> Assigned task
Each entry that follows is to be duplicated exactly, without its images.

> Items from a data source
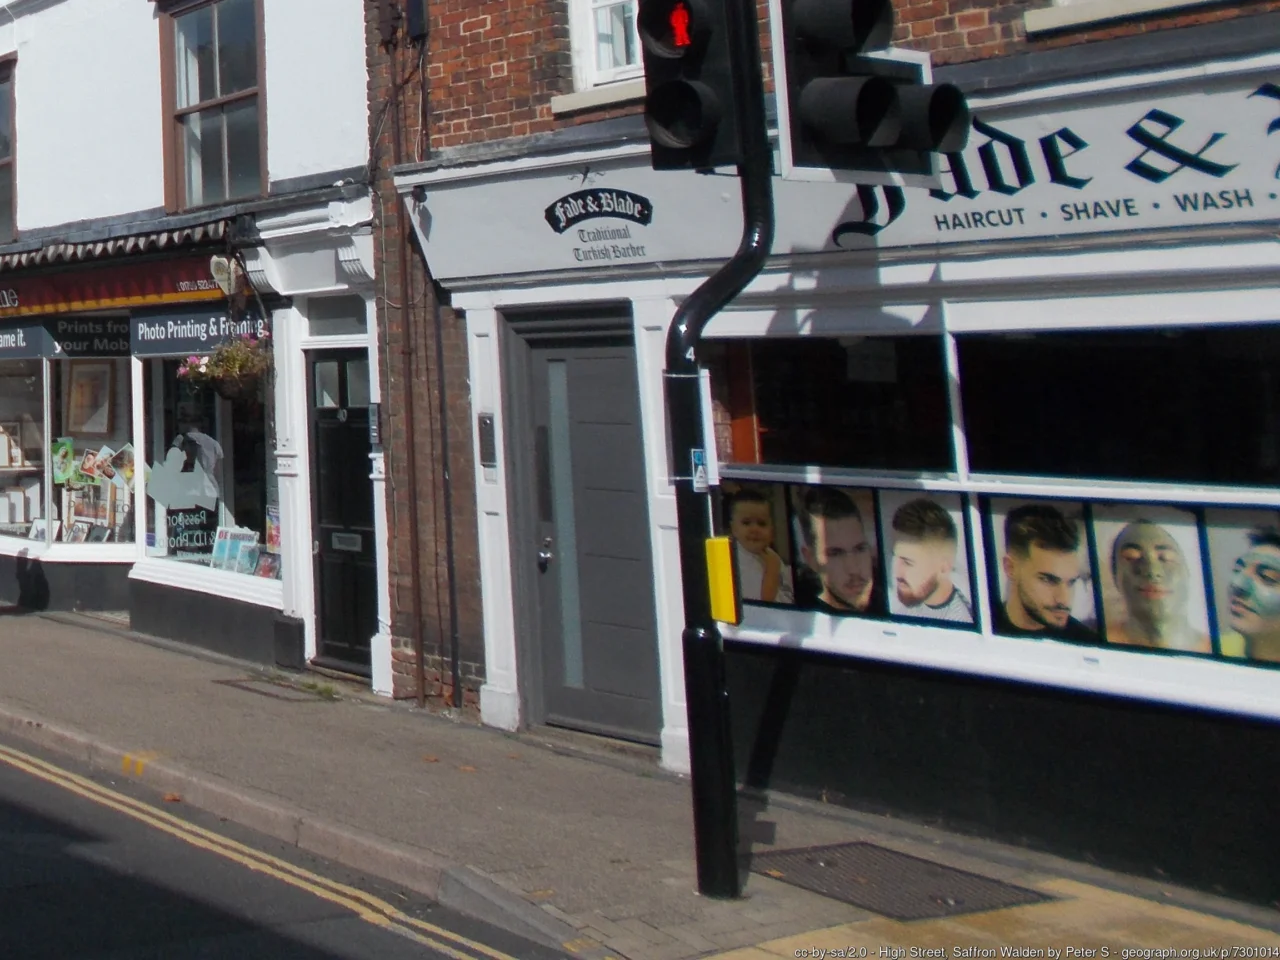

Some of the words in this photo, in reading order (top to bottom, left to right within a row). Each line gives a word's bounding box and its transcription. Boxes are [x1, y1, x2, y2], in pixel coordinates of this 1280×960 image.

[1124, 109, 1240, 183] &
[555, 196, 586, 229] Fade
[587, 195, 599, 213] &
[599, 192, 642, 218] Blade
[934, 208, 1025, 231] HAIRCUT
[1060, 197, 1139, 221] SHAVE
[1174, 189, 1254, 212] WASH
[573, 244, 611, 261] Turkish
[612, 243, 646, 259] Barber
[57, 321, 103, 334] Prints
[107, 320, 129, 334] fro
[138, 322, 166, 340] Photo
[168, 319, 207, 341] Printing
[209, 317, 218, 336] &
[220, 315, 264, 338] Framing
[17, 328, 26, 347] it.
[54, 341, 88, 354] your
[94, 338, 129, 351] Mob
[686, 346, 695, 362] 4

> Exercise response
Some of the words in this photo, in reading order (top to bottom, left to right within a row). Each line gives a word's bounding box and its transcription. Boxes are [x1, y1, x2, y2], in pixel coordinates of this 1280×960 image.

[1124, 109, 1240, 183] &
[555, 196, 586, 229] Fade
[587, 195, 599, 213] &
[599, 192, 642, 218] Blade
[934, 208, 1025, 231] HAIRCUT
[1060, 197, 1139, 221] SHAVE
[1174, 189, 1254, 212] WASH
[573, 244, 611, 261] Turkish
[612, 243, 646, 259] Barber
[57, 321, 103, 334] Prints
[107, 320, 129, 334] fro
[138, 322, 166, 340] Photo
[168, 319, 207, 341] Printing
[209, 317, 218, 336] &
[220, 315, 264, 338] Framing
[17, 328, 26, 347] it.
[54, 341, 88, 354] your
[94, 338, 129, 351] Mob
[686, 346, 695, 362] 4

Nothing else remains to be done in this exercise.